§ EXERCISE DETAILS
Omit the images and reproduce the rest of the entries exactly.

§ DATA TO EXAMINE

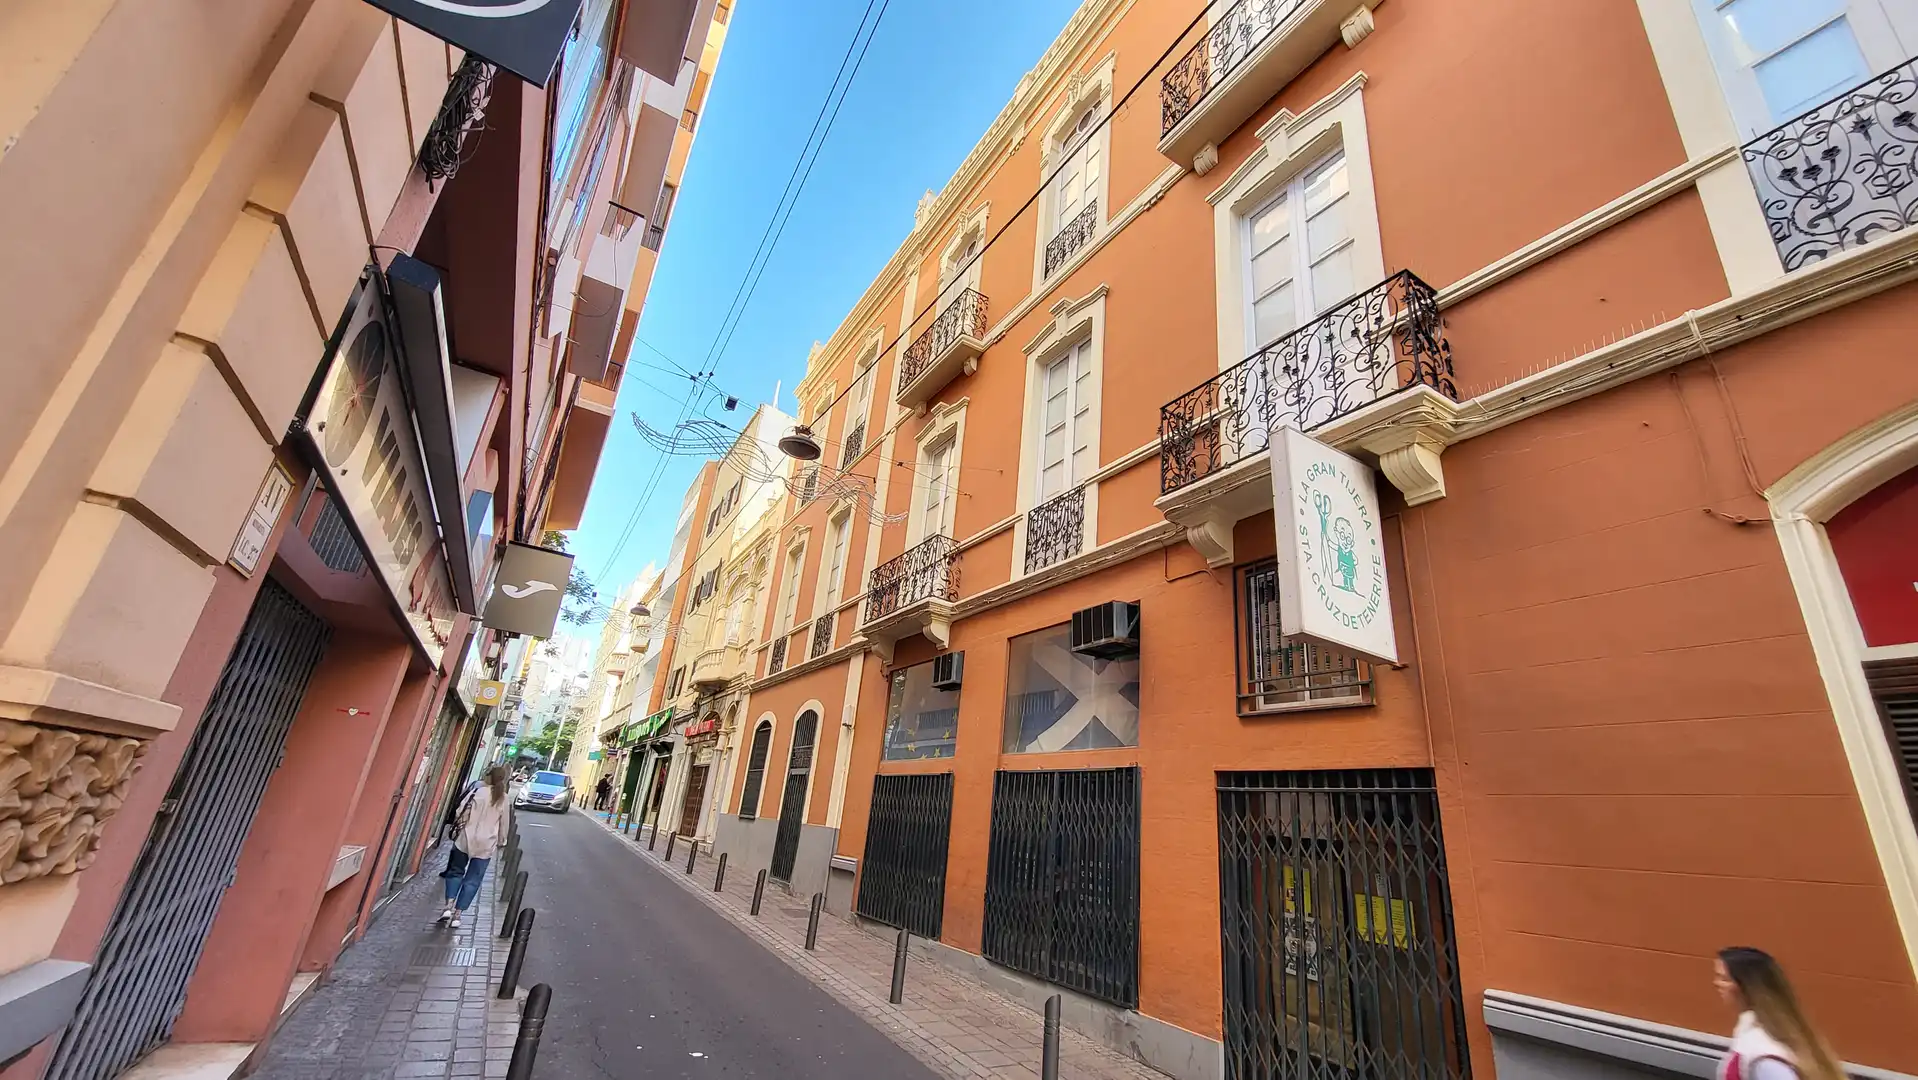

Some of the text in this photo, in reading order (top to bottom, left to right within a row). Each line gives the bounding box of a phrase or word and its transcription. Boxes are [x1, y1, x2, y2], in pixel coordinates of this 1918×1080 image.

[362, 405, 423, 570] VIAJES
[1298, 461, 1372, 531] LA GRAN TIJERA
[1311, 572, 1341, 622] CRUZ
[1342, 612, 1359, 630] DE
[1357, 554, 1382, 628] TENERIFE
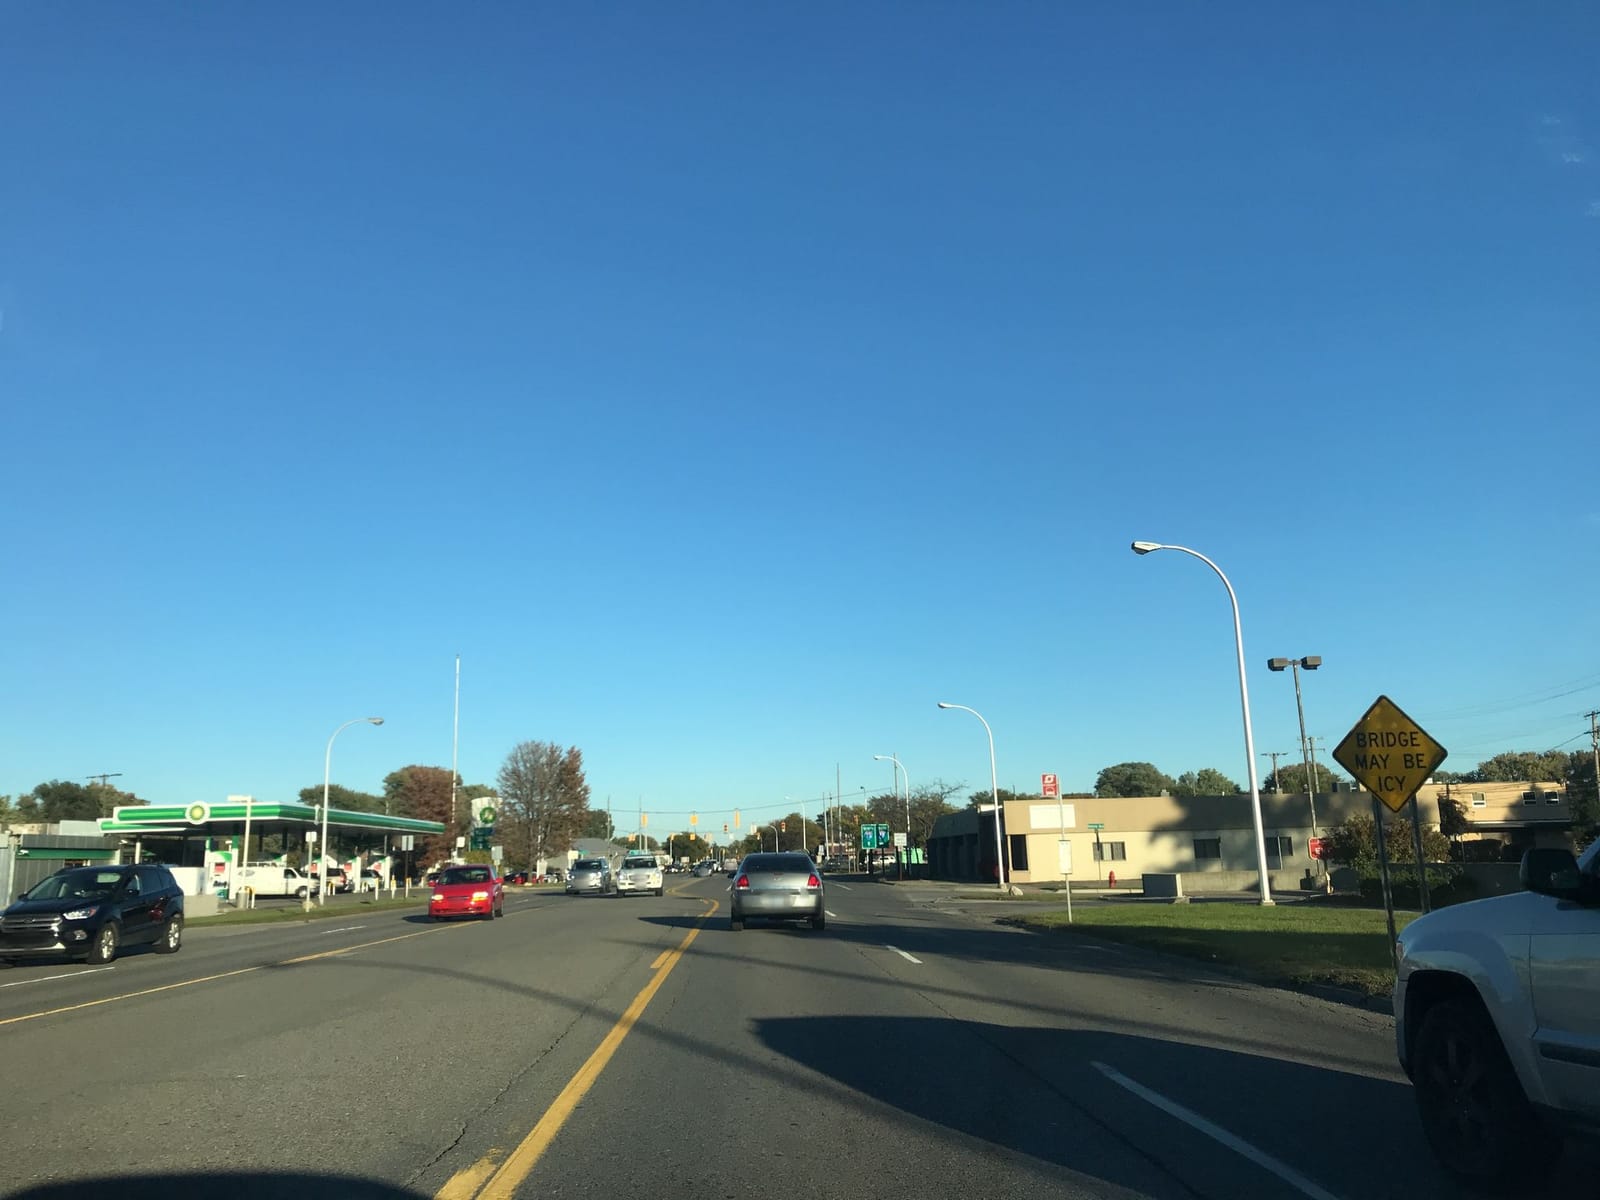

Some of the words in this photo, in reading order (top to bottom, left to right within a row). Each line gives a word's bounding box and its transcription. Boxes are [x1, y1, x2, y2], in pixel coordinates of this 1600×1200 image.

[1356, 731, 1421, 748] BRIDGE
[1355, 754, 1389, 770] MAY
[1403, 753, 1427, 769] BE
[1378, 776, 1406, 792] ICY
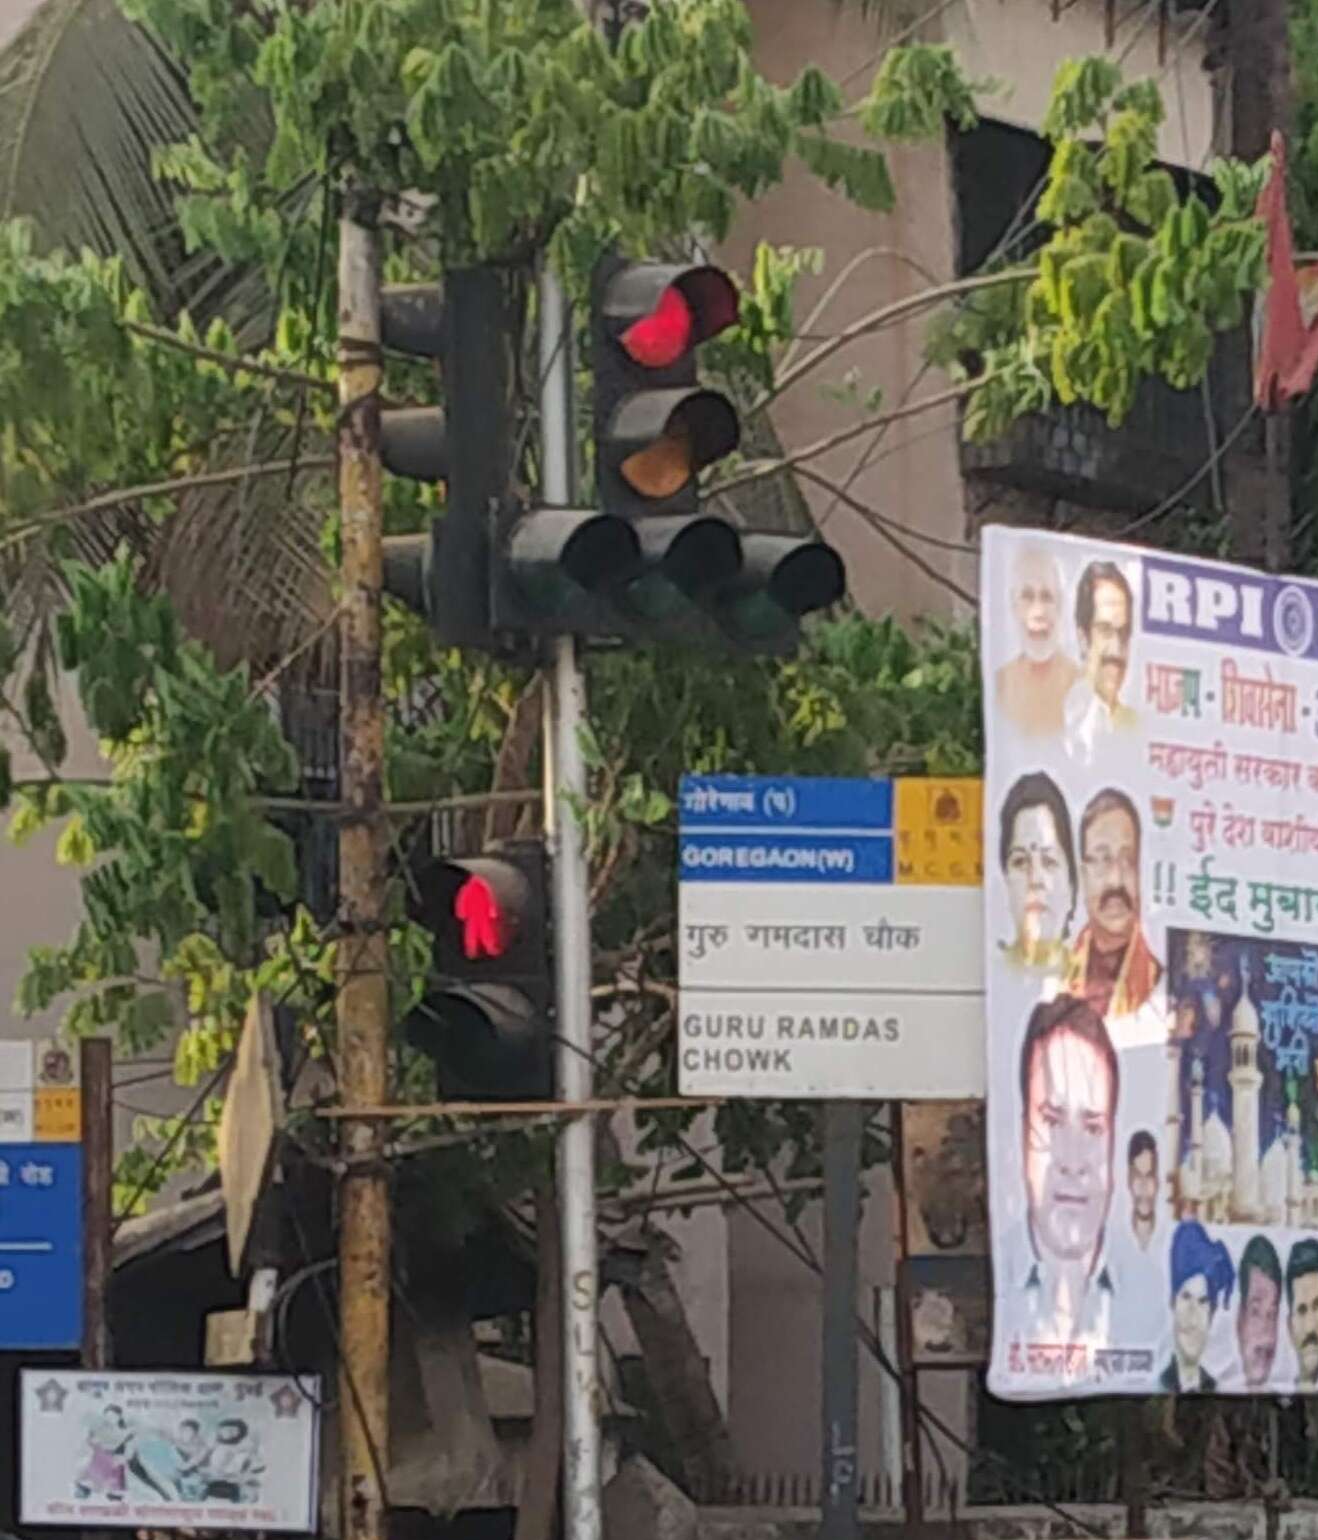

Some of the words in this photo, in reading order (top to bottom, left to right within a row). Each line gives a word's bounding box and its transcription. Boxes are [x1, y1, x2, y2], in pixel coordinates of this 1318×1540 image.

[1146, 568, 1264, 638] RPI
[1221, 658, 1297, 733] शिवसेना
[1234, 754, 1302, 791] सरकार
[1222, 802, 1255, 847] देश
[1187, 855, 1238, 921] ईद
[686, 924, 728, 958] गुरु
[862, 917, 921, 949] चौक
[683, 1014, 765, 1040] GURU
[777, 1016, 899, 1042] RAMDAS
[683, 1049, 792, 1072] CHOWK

§ YOUR RESPONSE
Some of the text in this photo, in reading order (top to bottom, left to right within a row). Each line gives the bounding box of a phrase or word and its transcription. Boxes are [x1, y1, x2, y2], in pixel coordinates of this 1918×1080 image.

[362, 405, 423, 570] VIAJES
[1298, 461, 1372, 531] LA GRAN TIJERA
[1311, 572, 1341, 622] CRUZ
[1342, 612, 1359, 630] DE
[1357, 554, 1382, 628] TENERIFE

Some of the words in this photo, in reading order (top to bottom, left to right within a row). Each line gives a word's bounding box and its transcription. Boxes are [x1, y1, x2, y2], in pixel coordinates of this 1600×1200 image.

[1356, 731, 1421, 748] BRIDGE
[1355, 754, 1389, 770] MAY
[1403, 753, 1427, 769] BE
[1378, 776, 1406, 792] ICY

Some of the words in this photo, in reading order (top to bottom, left to right within a row). Each line gives a word's bounding box and its transcription. Boxes are [x1, y1, x2, y2], in pixel coordinates of this 1318×1540 image.

[1146, 568, 1264, 638] RPI
[1221, 658, 1297, 733] शिवसेना
[1234, 754, 1302, 791] सरकार
[1222, 802, 1255, 847] देश
[1187, 855, 1238, 921] ईद
[686, 924, 728, 958] गुरु
[862, 917, 921, 949] चौक
[683, 1014, 765, 1040] GURU
[777, 1016, 899, 1042] RAMDAS
[683, 1049, 792, 1072] CHOWK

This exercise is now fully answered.